Vous avez donc travaillé en parallèle pour plusieurs périodiques ?
Je faisais entre quarante et cinquante pages par mois, afin de gagner ma vie. C'était mal payé. Alors, pour s'en sortir, il fallait travailler la nuit et créer de nombreuses pages (des trois bandes en noir et blanc). Aujourd'hui encore, je vis à cette vitesse.
Vous avez cité précédemment la série Oum le Dauphin. Était-ce le dessin animé qui a inspiré la BD ou bien l'inverse ?
C'était sponsorisé par les chocolats Galak et c'est eux qui ont proposé aux Éditions Lug de sortir un mensuel dont le thème central serait Oum le Dauphin et la mer.
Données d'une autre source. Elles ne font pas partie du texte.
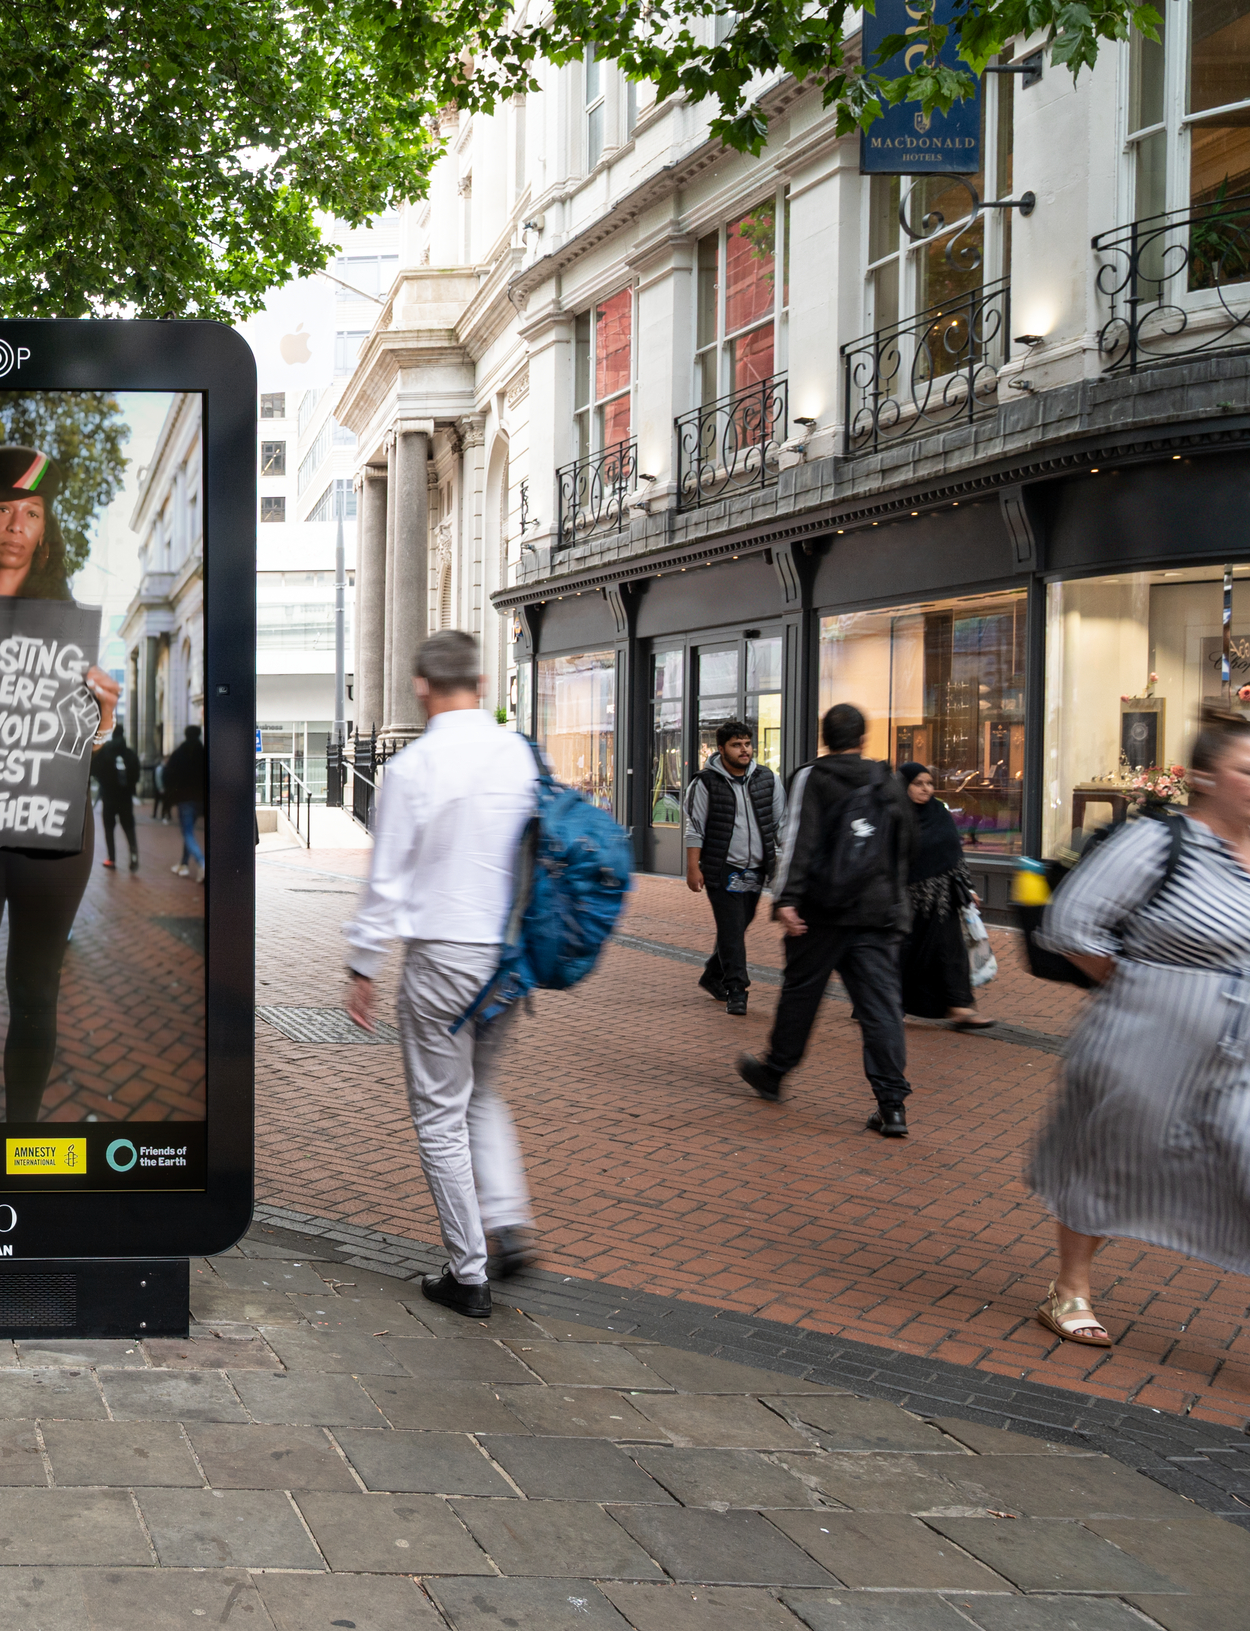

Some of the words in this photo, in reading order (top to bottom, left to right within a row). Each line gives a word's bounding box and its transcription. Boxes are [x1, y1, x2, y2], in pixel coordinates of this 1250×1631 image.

Alors, on a inventé d'autres histoires qui s'inspiraient du dessin animé.

Les deux épisodes du Surfer d'Argent, que vous avez dessinés, ont-ils été repris aux États-Unis ?
C'était dessiné à l'Europe, mais, par la suite, Marvel les a distribués aux États-Unis. Pour cette série, il a fallu copier servilement le dessin de Buscema, avec l'esprit de Stan Lee. On a réalisé ces épisodes avec le directeur de publication des éditions Lug. Moi, je signais Jean-Yves Mitton, mais lui, qui s'appelait Marcel Navarro, signait Melwyn Nash. Ça a bien marché, puisque ces épisodes qui ont paru dans le mensuel Nova ont été vendus à 90 000 exemplaires. Par contre, dans Titans, j'ai sorti mes propres super-héros. Il y a eu Mikros, un super-héros qui pouvait se réduire à la taille d'une allumette, parfois même à l'état subatomique. Mikros a duré 74 épisodes. Il y a eu ensuite Epsilon qui était un peu le fils de Mikros. Puis Kronos, un personnage qui voyageait dans le temps. Tout ceci, ce fut ma période Marvel qui a duré à peu près dix ans.
En fait, à vos débuts, vous avez beaucoup travaillé dans la science-fiction?
Oui, dans l'ambiance Marvel. D'ailleurs, j'ai dessiné des Marvel. J'ai réalisé, par exemple, des épisodes de l'Araignée ou de la Torche Humaine. C'était souvent pour faire du remplissage.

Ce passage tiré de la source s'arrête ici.